On Mon, Feb 13, 2023 at 01:46:11PM -0500, Kent Overstreet wrote:
> On Mon, Feb 13, 2023 at 10:24:13AM +0100, Peter Zijlstra wrote:
> > On Sun, Feb 12, 2023 at 10:23:44AM -0500, Alan Stern wrote:
> > > Provided it acquires the parent device's lock first, this is 
> > > utterly safe no matter what order the children are locked in.  Try 
> > > telling that to lockdep! 
> > 
> > mutex_lock_next_lock(child->lock, parent->lock) is there to express this
> > exact pattern, it allows taking multiple child->lock class locks (in any
> > order) provided parent->lock is held.
> 
> Perhaps I'm stupid, but I've never understood how subclasses - or this -
> are supposed to work.
> 
> Locks don't get a fixed subclass, so what's to prevent some code from
> going

So there's two annotations here, the nest_lock thing and subclasses,
they're distinct things.

Every class gets a fixed 8 subclasses (0-7) given by the unique byte
addresses inside the actual key object.

Subclasses will let you create nesting order of the same class that are
acceptable. Typically lock/1 nests inside lock/0, but that's not
hard-coded, simply convention.

The way it is used is given an external lock order, say the CPU number
for the runqueue locks, you do things like:

void double_rq_lock(struct rq *rq1, struct rq *r2)
{
	lockdep_assert_irqs_disabled();

	if (rq_order_less(r2, rq1))
		swap(rq1, rq2);

	raw_spin_rq_lock(rq1);
	if (__rq_lockp(rq1) != __rq_lock(rq2))
		raw_spin_rq_lock_nested(rq2, SINGLE_DEPTH_NESTING);

	...
}

(which is more complicated than it needs to be due to the whole
core-scheduling mess, but should still be readable I suppose).

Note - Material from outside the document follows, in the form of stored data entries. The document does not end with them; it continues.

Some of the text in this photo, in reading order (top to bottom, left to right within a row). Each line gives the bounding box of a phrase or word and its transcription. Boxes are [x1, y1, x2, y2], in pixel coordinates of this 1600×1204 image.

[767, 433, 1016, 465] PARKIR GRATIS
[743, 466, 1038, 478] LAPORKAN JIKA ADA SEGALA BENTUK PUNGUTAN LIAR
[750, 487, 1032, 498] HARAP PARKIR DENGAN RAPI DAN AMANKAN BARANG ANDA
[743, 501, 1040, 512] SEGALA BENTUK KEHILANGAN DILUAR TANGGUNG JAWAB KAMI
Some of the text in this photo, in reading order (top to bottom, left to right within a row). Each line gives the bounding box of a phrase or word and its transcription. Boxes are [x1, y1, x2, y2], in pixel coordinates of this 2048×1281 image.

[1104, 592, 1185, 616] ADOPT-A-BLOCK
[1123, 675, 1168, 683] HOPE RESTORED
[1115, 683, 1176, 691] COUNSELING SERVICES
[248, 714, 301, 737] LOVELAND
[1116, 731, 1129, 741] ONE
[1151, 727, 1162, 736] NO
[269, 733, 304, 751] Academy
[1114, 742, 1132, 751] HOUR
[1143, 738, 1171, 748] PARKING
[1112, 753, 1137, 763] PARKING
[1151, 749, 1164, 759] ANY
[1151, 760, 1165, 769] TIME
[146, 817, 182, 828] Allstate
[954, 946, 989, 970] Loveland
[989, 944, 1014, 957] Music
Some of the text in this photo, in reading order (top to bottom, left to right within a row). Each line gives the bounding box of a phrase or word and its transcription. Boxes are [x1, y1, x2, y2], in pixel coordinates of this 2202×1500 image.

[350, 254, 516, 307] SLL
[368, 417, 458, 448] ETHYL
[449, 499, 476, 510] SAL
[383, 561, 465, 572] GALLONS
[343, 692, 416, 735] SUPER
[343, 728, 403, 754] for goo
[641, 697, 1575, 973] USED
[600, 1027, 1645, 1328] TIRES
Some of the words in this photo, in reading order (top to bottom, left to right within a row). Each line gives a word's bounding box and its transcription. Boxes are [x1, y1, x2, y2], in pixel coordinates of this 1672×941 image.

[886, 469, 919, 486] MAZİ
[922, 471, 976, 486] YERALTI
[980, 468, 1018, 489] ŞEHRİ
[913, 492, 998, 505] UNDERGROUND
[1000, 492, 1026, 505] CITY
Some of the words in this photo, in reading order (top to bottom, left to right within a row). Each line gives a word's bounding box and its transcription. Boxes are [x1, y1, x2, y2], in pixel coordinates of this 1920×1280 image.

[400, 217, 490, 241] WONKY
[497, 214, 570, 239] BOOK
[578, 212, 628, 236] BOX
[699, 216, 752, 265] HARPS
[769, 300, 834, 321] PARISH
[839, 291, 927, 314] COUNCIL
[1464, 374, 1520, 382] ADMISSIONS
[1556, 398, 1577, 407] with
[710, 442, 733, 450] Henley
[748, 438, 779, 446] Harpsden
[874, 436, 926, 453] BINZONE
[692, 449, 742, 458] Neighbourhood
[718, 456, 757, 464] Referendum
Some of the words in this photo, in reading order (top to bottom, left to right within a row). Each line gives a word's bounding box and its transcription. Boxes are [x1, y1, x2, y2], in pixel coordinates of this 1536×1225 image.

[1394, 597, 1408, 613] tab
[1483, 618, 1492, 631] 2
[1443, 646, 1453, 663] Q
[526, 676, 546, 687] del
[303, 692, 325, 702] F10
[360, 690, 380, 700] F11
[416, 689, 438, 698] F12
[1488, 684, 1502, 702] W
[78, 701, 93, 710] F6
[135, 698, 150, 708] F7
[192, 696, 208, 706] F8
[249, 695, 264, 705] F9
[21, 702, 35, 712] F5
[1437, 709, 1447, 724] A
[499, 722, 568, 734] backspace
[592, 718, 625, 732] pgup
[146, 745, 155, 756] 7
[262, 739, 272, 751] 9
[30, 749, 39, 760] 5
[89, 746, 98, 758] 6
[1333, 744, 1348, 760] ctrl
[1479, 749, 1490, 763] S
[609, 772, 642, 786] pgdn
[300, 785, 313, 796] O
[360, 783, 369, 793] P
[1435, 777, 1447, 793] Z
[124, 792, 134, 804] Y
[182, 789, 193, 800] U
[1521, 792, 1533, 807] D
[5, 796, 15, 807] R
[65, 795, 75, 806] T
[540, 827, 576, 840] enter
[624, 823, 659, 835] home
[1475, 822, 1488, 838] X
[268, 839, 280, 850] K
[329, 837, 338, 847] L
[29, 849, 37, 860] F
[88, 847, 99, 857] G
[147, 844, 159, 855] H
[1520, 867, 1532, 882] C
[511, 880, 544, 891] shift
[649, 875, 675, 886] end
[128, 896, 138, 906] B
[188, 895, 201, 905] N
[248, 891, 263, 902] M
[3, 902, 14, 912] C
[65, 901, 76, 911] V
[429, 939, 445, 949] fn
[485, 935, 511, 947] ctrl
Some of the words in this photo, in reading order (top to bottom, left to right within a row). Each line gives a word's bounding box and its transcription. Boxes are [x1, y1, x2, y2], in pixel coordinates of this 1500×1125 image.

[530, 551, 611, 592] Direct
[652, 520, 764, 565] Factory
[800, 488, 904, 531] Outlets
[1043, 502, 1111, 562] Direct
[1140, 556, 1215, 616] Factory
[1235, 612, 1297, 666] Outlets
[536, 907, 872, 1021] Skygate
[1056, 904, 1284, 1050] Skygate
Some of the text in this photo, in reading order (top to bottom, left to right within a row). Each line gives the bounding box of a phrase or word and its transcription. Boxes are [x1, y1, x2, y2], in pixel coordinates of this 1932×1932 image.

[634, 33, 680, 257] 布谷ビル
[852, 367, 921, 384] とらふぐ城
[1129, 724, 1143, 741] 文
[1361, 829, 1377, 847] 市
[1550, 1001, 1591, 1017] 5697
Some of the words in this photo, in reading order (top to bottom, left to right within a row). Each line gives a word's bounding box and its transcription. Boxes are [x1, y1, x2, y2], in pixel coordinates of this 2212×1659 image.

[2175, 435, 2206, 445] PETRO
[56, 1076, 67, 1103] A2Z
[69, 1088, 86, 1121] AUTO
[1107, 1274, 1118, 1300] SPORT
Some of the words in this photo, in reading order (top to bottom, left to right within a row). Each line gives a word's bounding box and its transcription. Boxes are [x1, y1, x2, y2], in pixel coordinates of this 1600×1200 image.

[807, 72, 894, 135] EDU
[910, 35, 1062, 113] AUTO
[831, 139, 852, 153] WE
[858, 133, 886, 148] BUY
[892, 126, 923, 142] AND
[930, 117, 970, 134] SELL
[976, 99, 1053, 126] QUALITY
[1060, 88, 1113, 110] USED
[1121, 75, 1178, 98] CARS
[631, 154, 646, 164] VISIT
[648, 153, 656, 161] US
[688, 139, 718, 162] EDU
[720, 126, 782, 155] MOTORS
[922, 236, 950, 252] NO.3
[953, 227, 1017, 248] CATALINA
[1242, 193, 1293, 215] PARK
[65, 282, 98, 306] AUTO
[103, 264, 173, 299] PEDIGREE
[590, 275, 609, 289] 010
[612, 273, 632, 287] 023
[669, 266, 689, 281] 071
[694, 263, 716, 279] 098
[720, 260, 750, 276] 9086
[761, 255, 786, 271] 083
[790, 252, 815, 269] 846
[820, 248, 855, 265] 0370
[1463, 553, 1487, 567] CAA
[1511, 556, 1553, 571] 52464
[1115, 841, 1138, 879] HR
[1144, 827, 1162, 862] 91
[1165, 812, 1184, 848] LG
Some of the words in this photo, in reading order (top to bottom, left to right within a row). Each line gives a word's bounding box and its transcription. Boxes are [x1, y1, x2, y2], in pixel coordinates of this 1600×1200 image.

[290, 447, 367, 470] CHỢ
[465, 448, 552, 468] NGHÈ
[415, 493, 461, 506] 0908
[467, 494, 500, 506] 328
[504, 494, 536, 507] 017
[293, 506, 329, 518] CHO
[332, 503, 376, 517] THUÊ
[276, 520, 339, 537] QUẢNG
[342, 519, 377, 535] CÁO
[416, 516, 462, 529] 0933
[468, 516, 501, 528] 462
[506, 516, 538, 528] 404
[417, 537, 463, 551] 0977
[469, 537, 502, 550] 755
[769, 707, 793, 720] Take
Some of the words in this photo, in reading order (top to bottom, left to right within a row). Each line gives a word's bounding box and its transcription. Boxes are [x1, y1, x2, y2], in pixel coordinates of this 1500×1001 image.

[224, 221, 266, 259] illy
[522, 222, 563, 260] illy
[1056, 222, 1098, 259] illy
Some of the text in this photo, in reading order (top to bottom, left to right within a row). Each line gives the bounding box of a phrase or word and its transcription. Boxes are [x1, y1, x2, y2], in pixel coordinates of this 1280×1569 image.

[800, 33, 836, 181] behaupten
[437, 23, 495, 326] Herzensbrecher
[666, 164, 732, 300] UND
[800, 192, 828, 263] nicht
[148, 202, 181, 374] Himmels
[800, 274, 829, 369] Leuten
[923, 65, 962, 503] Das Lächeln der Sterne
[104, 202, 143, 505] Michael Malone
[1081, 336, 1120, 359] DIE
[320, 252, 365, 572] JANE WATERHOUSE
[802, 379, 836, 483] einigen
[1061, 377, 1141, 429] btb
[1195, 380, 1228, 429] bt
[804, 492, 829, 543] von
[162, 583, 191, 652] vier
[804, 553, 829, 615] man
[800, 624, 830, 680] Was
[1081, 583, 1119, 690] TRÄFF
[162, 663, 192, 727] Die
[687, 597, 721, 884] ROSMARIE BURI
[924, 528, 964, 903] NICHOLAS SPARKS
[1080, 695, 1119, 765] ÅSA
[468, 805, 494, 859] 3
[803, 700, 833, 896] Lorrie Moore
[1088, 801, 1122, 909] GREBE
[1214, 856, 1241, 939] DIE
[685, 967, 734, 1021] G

Basically we make sure rq1 and rq2 are in the correct order and acquire
them with subclass 0 (the default) and subcless 1 (SINGLE_DEPTH_NESTING)
resp. dictating the subclass order.

This is lock order per decree, if you get the order function wrong
lockdep will not see the inversion but you *will* deadlock.


Then there's that nesting lock, that requires two classes and at least 3
locks to make sense:

  P, C1, C2

Where we posit that any multi-lock of Cn is fully serialized by P and it
is used like:

	mutex_lock(P);
	mutex_lock_nest_lock(C1, P);
	mutex_lock_nest_lock(C2, P);

Where any order of Cn is acceptable, because fully ordered by P.

If you were to combine this with subclass on Cn to allow multi-lock
instances not order by P, you get to keep the pieces :-)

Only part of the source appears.